EXERCISE GOAL » Retype the data below exactly, skipping pictures.

RAW DATA »
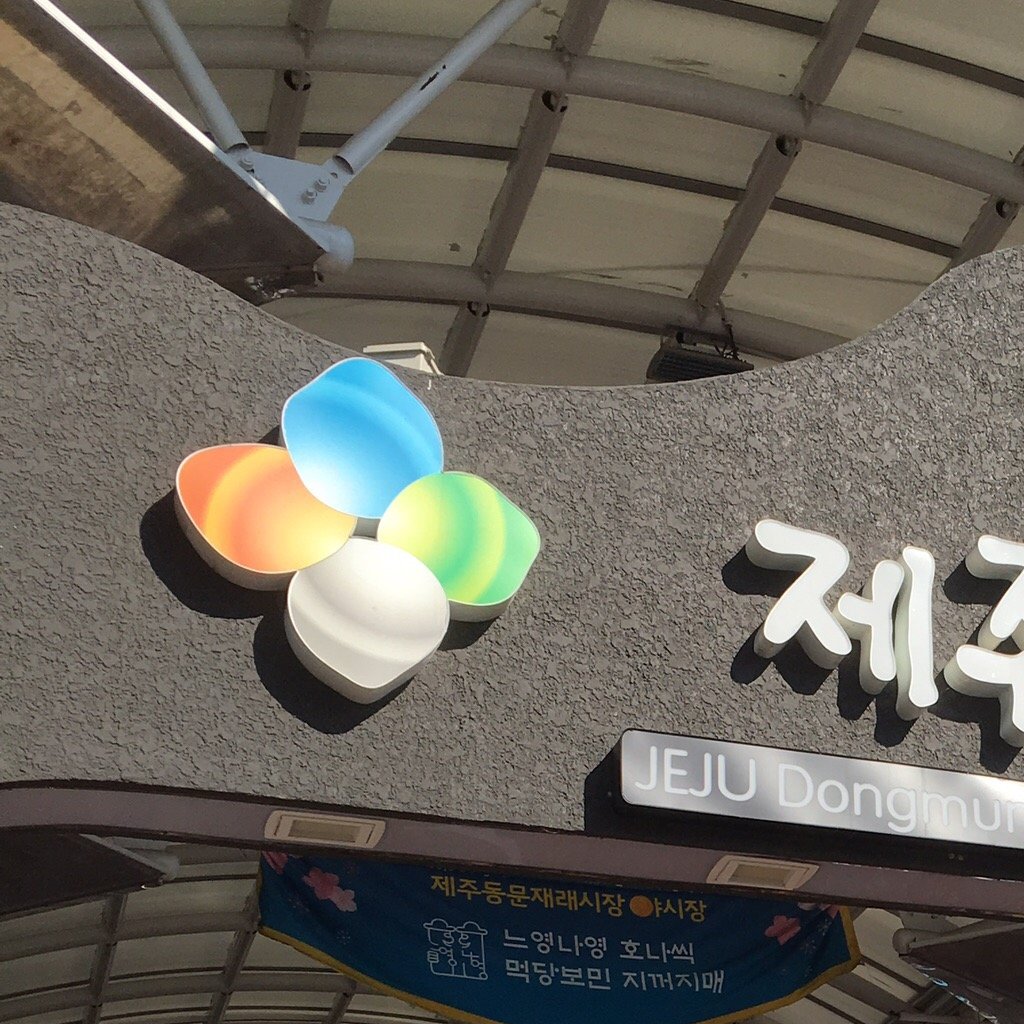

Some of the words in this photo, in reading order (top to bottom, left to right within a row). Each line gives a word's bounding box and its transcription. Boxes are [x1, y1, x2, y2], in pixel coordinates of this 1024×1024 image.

[634, 745, 756, 801] JEJU
[430, 872, 626, 918] 제주동문재래시장
[502, 928, 608, 961] 느영나영
[505, 958, 612, 992] 먹당보민
[621, 968, 725, 994] 지꺼지매
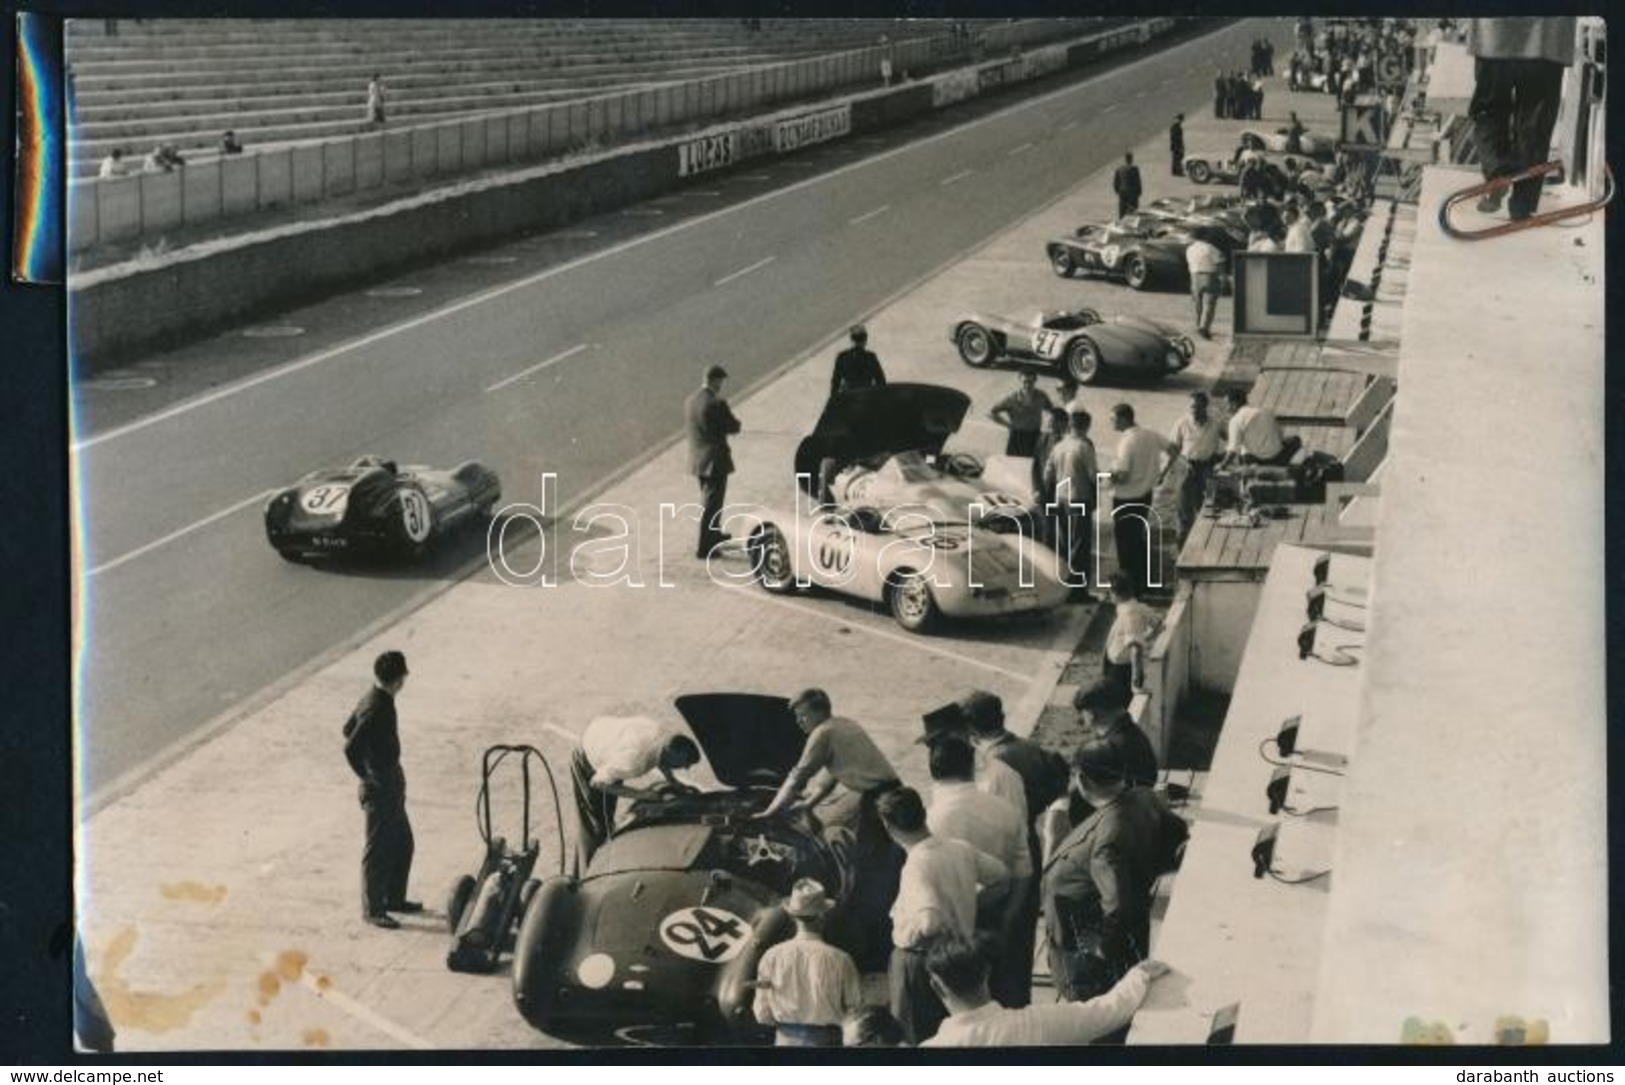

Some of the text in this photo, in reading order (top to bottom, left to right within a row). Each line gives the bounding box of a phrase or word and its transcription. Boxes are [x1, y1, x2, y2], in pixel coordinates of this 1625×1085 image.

[1381, 56, 1400, 80] G
[1346, 107, 1379, 143] K
[687, 133, 731, 174] LUCAS
[1245, 257, 1306, 332] L
[1035, 330, 1060, 356] 27
[308, 486, 349, 509] 37
[665, 908, 745, 961] 24
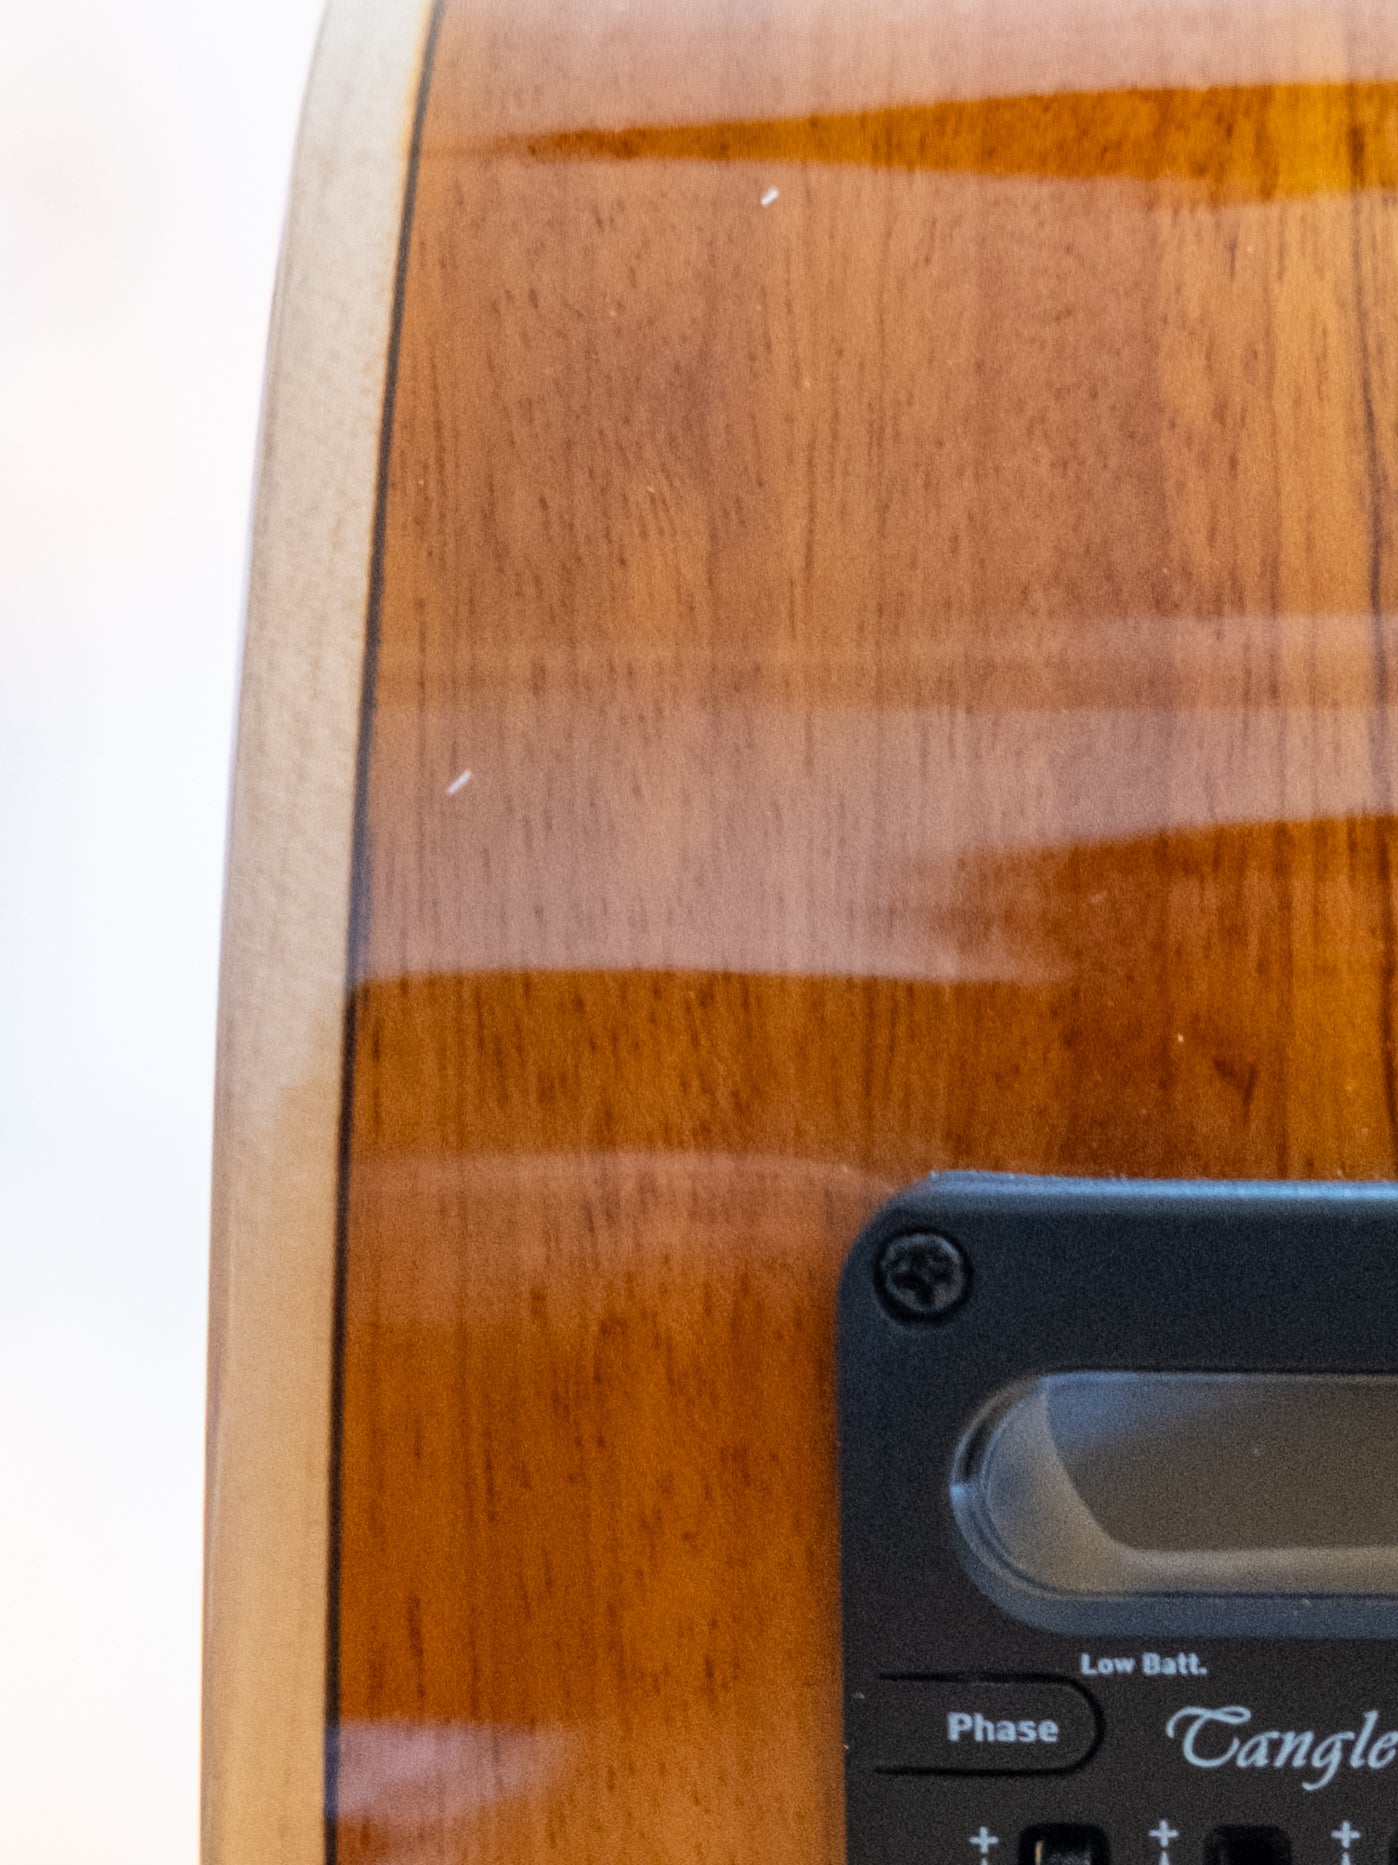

RESULT »
Some of the words in this photo, in reading order (top to bottom, left to right within a row). Each line gives a word's bounding box and its transcription. Boxes are [x1, y1, x2, y2], in pixel coordinates of this 1024×1024 image.

[634, 745, 756, 801] JEJU
[430, 872, 626, 918] 제주동문재래시장
[502, 928, 608, 961] 느영나영
[505, 958, 612, 992] 먹당보민
[621, 968, 725, 994] 지꺼지매

Some of the text in this photo, in reading order (top to bottom, left to right within a row). Each line gives the bounding box of a phrase or word and its transcription. Boxes are [x1, y1, x2, y2], in pixel coordinates of this 1625×1085 image.

[1381, 56, 1400, 80] G
[1346, 107, 1379, 143] K
[687, 133, 731, 174] LUCAS
[1245, 257, 1306, 332] L
[1035, 330, 1060, 356] 27
[308, 486, 349, 509] 37
[665, 908, 745, 961] 24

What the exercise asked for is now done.